» **Source information**:
/---
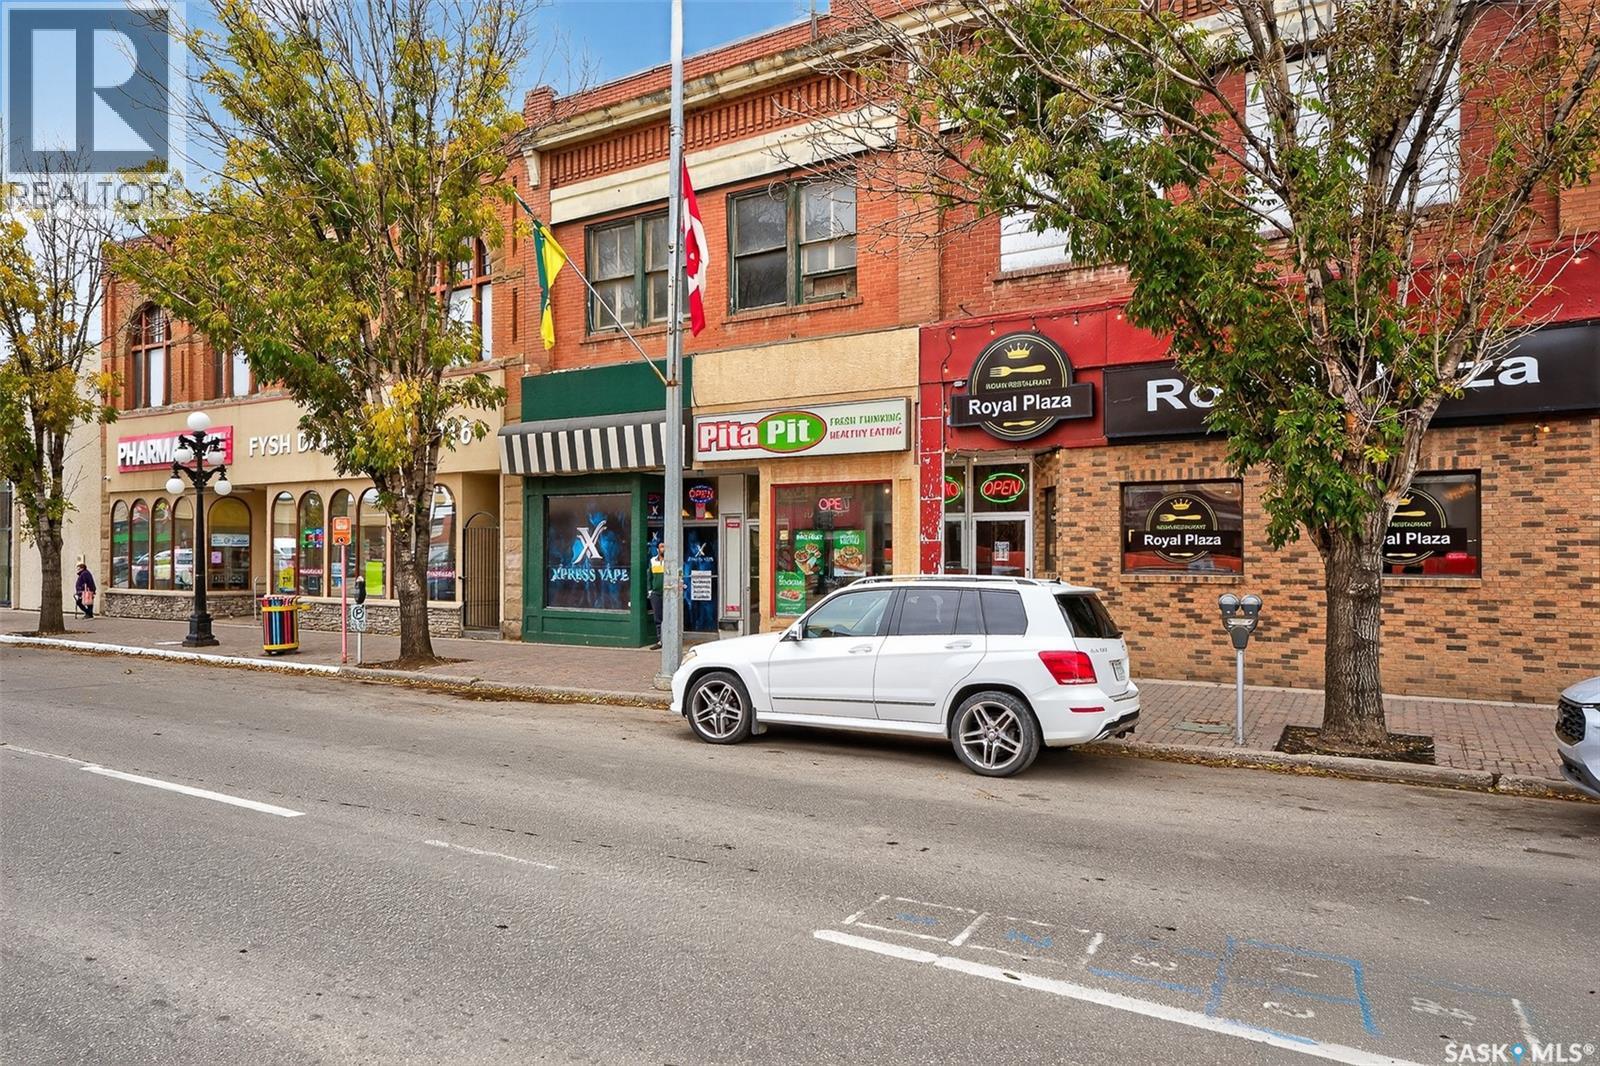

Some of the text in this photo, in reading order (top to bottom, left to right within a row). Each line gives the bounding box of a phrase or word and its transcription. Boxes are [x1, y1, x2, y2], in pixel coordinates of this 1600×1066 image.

[1008, 378, 1052, 389] RESTAURANT
[968, 394, 1072, 417] Royal Plaza
[830, 416, 856, 426] FRESH
[698, 419, 811, 452] Pita Pit
[830, 426, 902, 439] HEALTHY EATING
[248, 433, 291, 456] FYSH
[689, 488, 714, 500] OPEN
[983, 480, 1021, 496] OPEN
[1144, 534, 1221, 548] Royal Plaza
[1405, 532, 1451, 545] Plaza
[550, 563, 629, 583] XPRESS VAPE
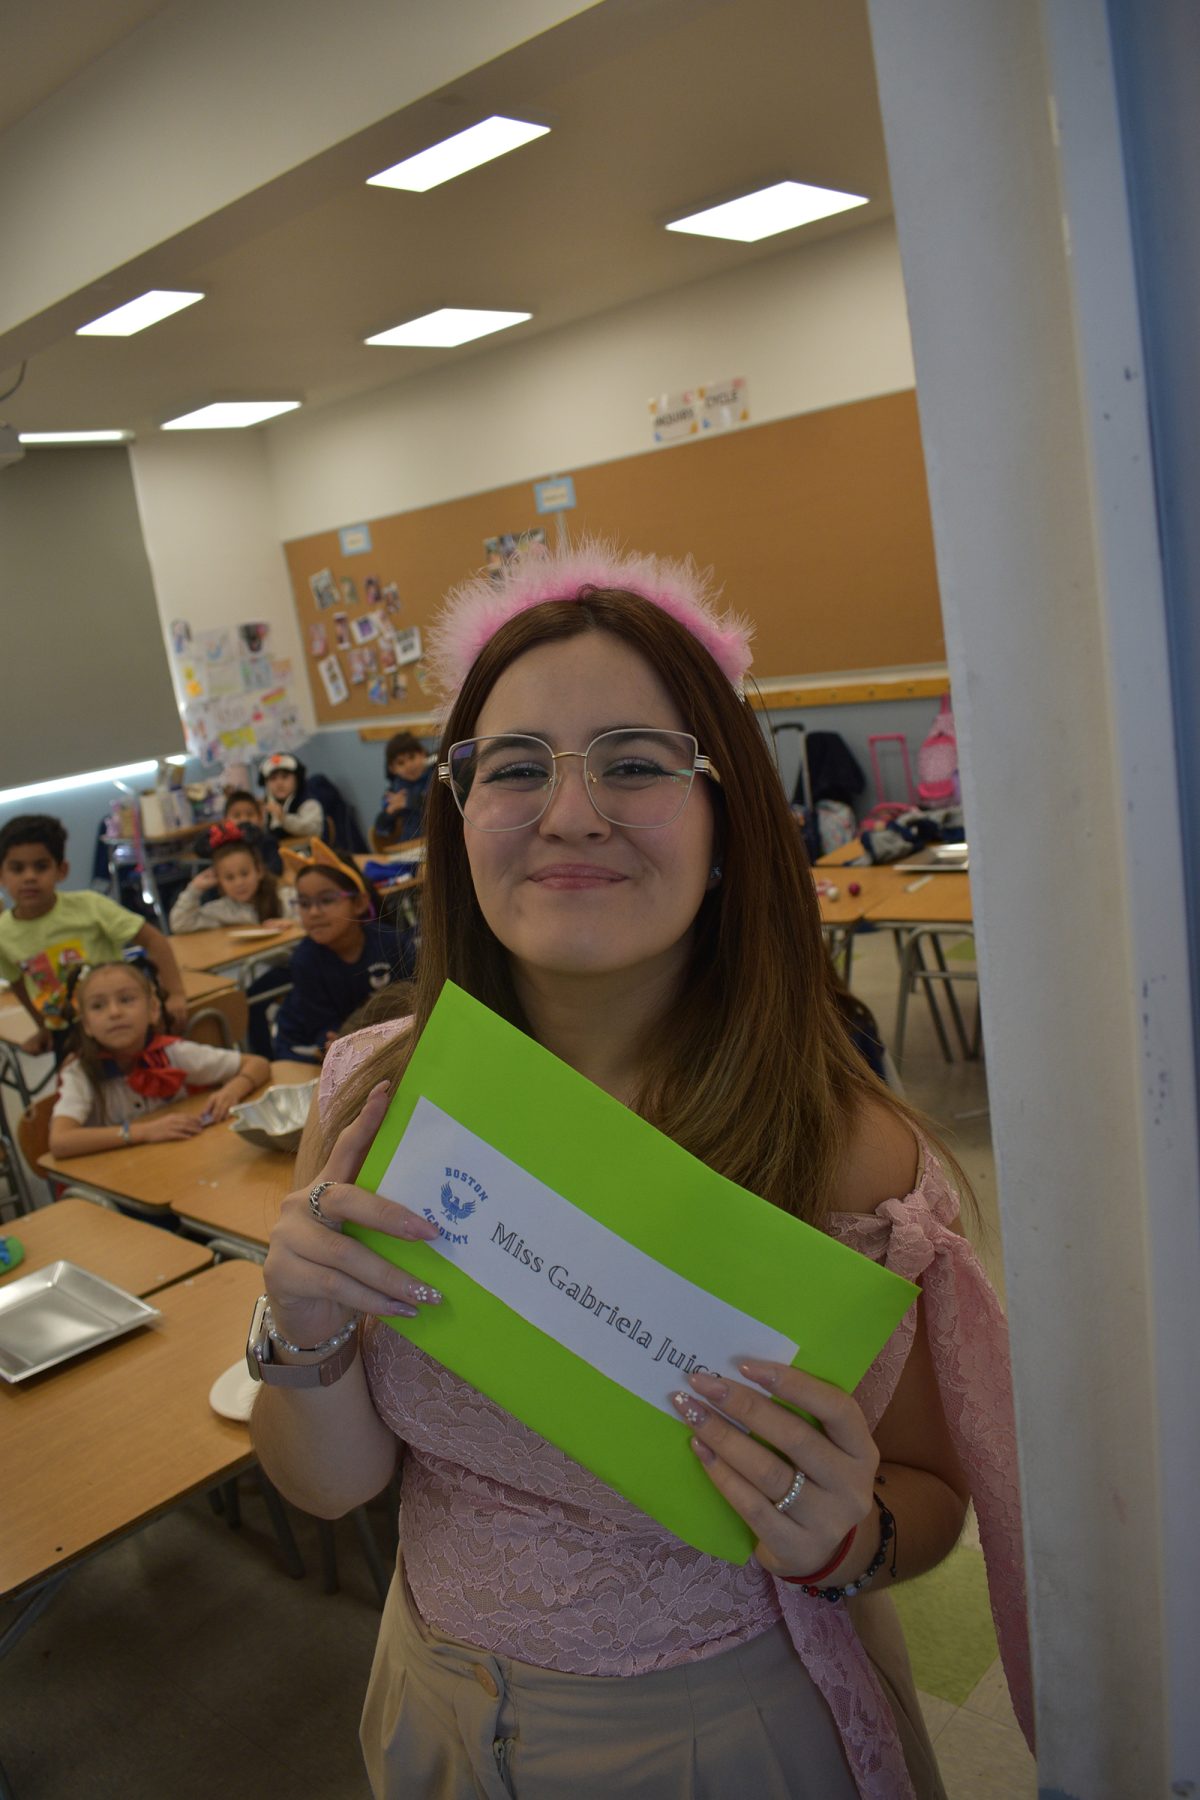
\---
Print, word for word, every entry shown above; the pictures stay out.

Some of the text in this photo, in reading order (top to bottom, left to right within a row). Each line gives the bounding box of a phrase or word and its transcription. Boxes are [x1, y1, x2, y2], in pixel coordinates of this 1600×1066 image.

[1008, 378, 1052, 389] RESTAURANT
[968, 394, 1072, 417] Royal Plaza
[830, 416, 856, 426] FRESH
[698, 419, 811, 452] Pita Pit
[830, 426, 902, 439] HEALTHY EATING
[248, 433, 291, 456] FYSH
[689, 488, 714, 500] OPEN
[983, 480, 1021, 496] OPEN
[1144, 534, 1221, 548] Royal Plaza
[1405, 532, 1451, 545] Plaza
[550, 563, 629, 583] XPRESS VAPE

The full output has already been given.